3. How many stations do they have and where are they?

Thanks again!


----------



## socalmedic (Mar 6, 2014)

1. starting medic pay is close to 40-45k. there are two sides of the county (Santa Barbara and Santa Maria). south county is almost all system status while north county is mostly (from what I have been told) 24 hour. 

2. can't be much help on that but for an internal transfer you must have 6 months in your current position to transfer. I would probably be VERY wise to ask for a few ride-alongs to see the division and get a feel for the people; the EMS culture is very different in the central coast, very relaxed. (if they do offer you some rides try to get a night shift, in south county, on a Friday! you will not be disappointed with the scenery!)

here is their current CBA if you are interested, http://local70.org/sites/local70.prometheuslabor.com/files/iaep_union_contract.pdf


----------



## aquabear (Mar 7, 2014)

How is their paramedic PAT?


----------



## terrible one (Mar 7, 2014)

SB county fire is ALS 
SB city, Lompoc, and Santa Maria are BLS.

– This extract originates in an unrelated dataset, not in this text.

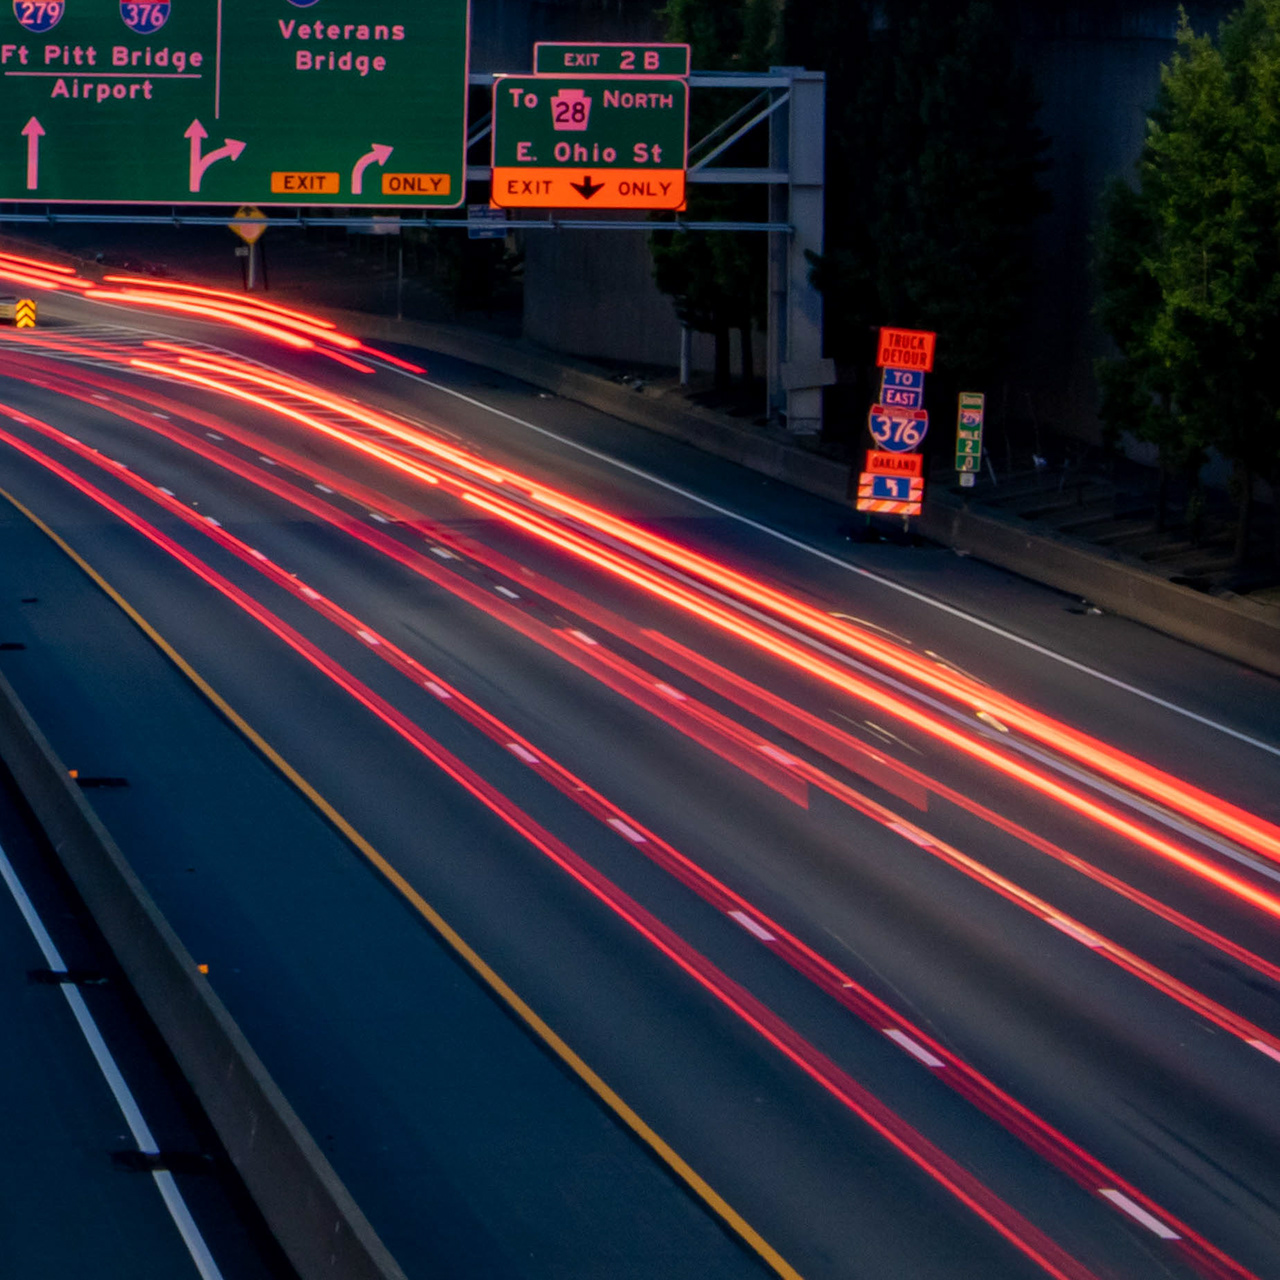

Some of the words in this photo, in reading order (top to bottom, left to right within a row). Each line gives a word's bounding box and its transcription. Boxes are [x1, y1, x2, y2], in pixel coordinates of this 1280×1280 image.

I have a few buddies that work there. Decent pay but there is a high cost of living in SB city.


----------



## TRSpeed (Mar 8, 2014)

Wow how sad. 2% wage increases? That's nearly COLA.  All these union amr shops and most with 2-3.5 raises. Thanks god I left. Went to an awesome place non union with 6.75-9% yearly raises


----------



## Amberlamps916 (Mar 8, 2014)

TRSpeed said:


> Wow how sad. 2% wage increases? That's nearly COLA.  All these union amr shops and most with 2-3.5 raises. Thanks god I left. Went to an awesome place non union with 6.75-9% yearly raises



That sounds great until you realize it's Bakersfield.....America's most illiterate city 

http://www.kerngoldenempire.com/mos...te-city-in-the/d/story/hNvyHptbEUWfN84DOYOF4w


----------



## TRSpeed (Mar 8, 2014)

Hahaha o trust me. The area is depressing haha worst air quality, violence, far from home for a lot of people, cow crap smelling air, etc Lol but the company and county is awesome


----------



## TRSpeed (Mar 8, 2014)

We can be Neighboring counties when you move Lol


----------



## Amberlamps916 (Mar 8, 2014)

TRSpeed said:


> Hahaha o trust me. The area is depressing haha worst air quality, violence, far from home for a lot of people, cow crap smelling air, etc Lol but the company and county is awesome



Hahaha I hear ya. That's what almost everyone says. It really is too bad that they aren't in a more desirable area or else people would be even more apt to want to work for them.


----------



## TRSpeed (Mar 8, 2014)

From the yr I've been here, the reason people leave is honestly not because of the company. They love it, but because of Bakersfield. And being far from home. I have never lived somewhere that has even made me feel like it does here. It is depressing somehow Lol we all just wish this county and service could be in a closer area.


----------



## CentralCalEMT (Mar 15, 2014)

I think it requires a specific type of personality to live in Bakersfield. People who come from LA and the Bay Area expecting it to have big city comforts are going to be sorely disappointed. If you are the outdoors type, then you will love it. The Sequoia National Forest butts up against the eastern city limit. Personally I like living in Bakersfield (And I grew up in the South Bay and Santa Monica so it's not like this is my hometown) But that is because I send my days off, hiking, shooting, fishing, and camping. Otherwise I definitely would not like living here.


----------



## TRSpeed (Mar 15, 2014)

CentralCalEMT said:


> I think it requires a specific type of personality to live in Bakersfield. People who come from LA and the Bay Area expecting it to have big city comforts are going to be sorely disappointed. If you are the outdoors type, then you will love it. The Sequoia National Forest butts up against the eastern city limit. Personally I like living in Bakersfield (And I grew up in the South Bay and Santa Monica so it's not like this is my hometown) But that is because I send my days off, hiking, shooting, fishing, and camping. Otherwise I definitely would not like living here.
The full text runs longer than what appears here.